Shock troops, orbital attacks, terraforming, nerve-stapling innocent citizens, planet busters and probe teams – if the sound of these makes your heart race, then you’ll love Sid Meier’s Alpha Centauri. Either that, or you really ought to repeat the mantra "No more Star Trek episodes ever" several times a day.Sid Meier’s Alpha Centauri (or SMAC to its friends) is a turn-based strategy game that takes up the conquest reins shortly after the end of Civilisation II – with the goal being to colonizie a planet in orbit around the game’s namesake. You’ll find yourself using cunning, lashings of diplomacy, intelligent resource planning, research prowess and – failing those – really huge weapons in your goal of establishing global dominance and SMACing your rivals around the head. For fans of Civ II, SMAC works exactly the same, only using spacesuits. Start by choosing a faction to control, build a city and start to exploit the planet’s resources. As cities grow, you develop other colony pods to send out and settle the planet – including marines and choppers to defend bases, and base facilities to speed research and economic growth. It’s war
Eventually you’re going to run into another faction – and that’s where the fun begins. In Civ II, each opposing nation has identical goals, but in SMAC factions are ideologically motivated. The Spartans have military superiority on the agenda and Agent Orange in their armoury, while The Lord’s Believers have visions of global Sunday services and God in theirs.All this makes working with, or fighting against, each faction more complex than simply swapping research notes or nuking their bases. Diplomacy and political maneuvering are the key to survival, with you often having to play one faction off against another. Each faction sits on a planetary council, that meets regularly to vote for a global president, repealing atrocity limits and so on. By working with other factions, or simply beating them into submission, you can gain votes and eventually become Supreme Overlord of the entire shebang.

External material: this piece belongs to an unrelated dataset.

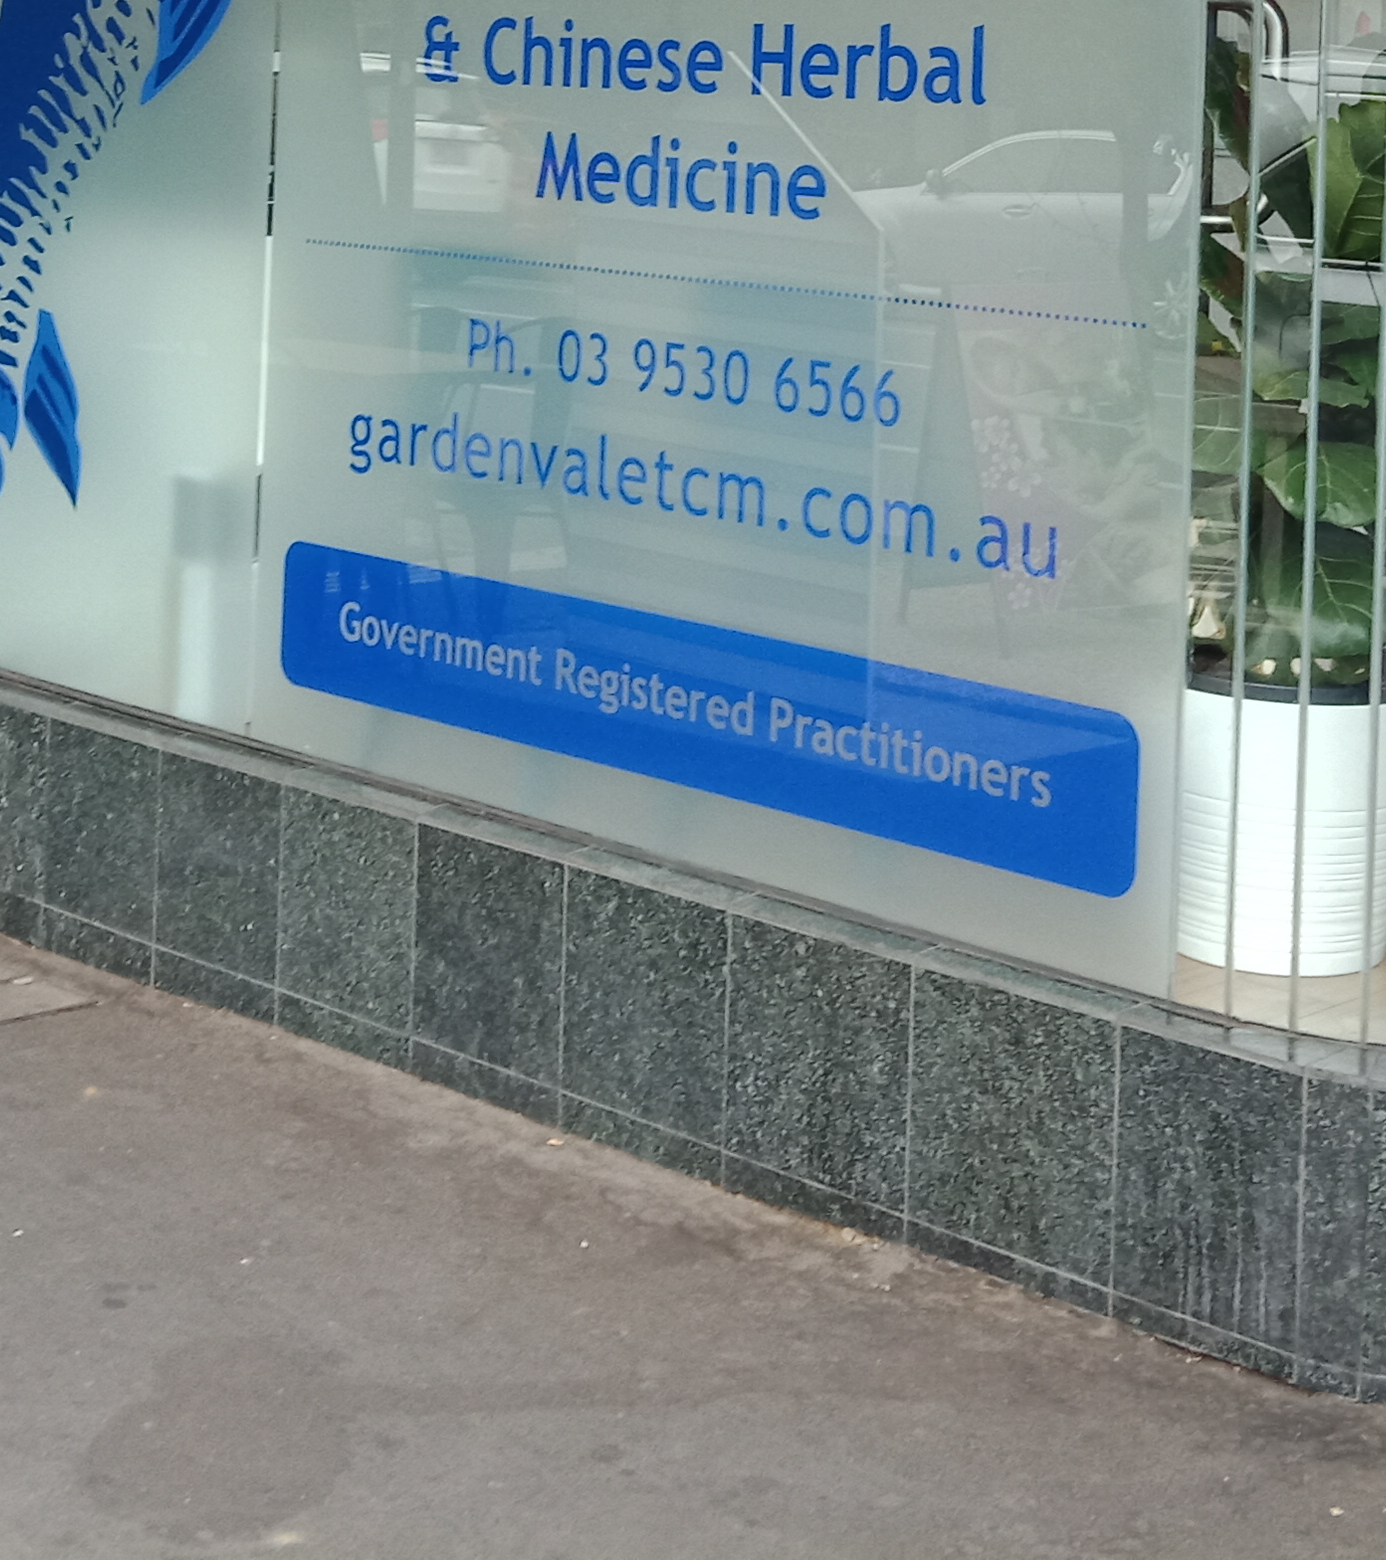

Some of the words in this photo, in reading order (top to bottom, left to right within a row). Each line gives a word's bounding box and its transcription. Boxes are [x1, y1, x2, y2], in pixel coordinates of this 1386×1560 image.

SMAC is advanced in other areas, too. Instead of simply upgrading your airforce from biplanes to bombers, SMAC lets you painstakingly design each upgrade, choosing weapons, armour and power. The research tree is cool, too, with polymorphic software and nanorobotics to discover – although it takes some getting to grips with. Luckily, the manual is a massive 267-page affair – there are a whole bunch of tutorials to kick-off with, and a poster-size technology chart to help your progress.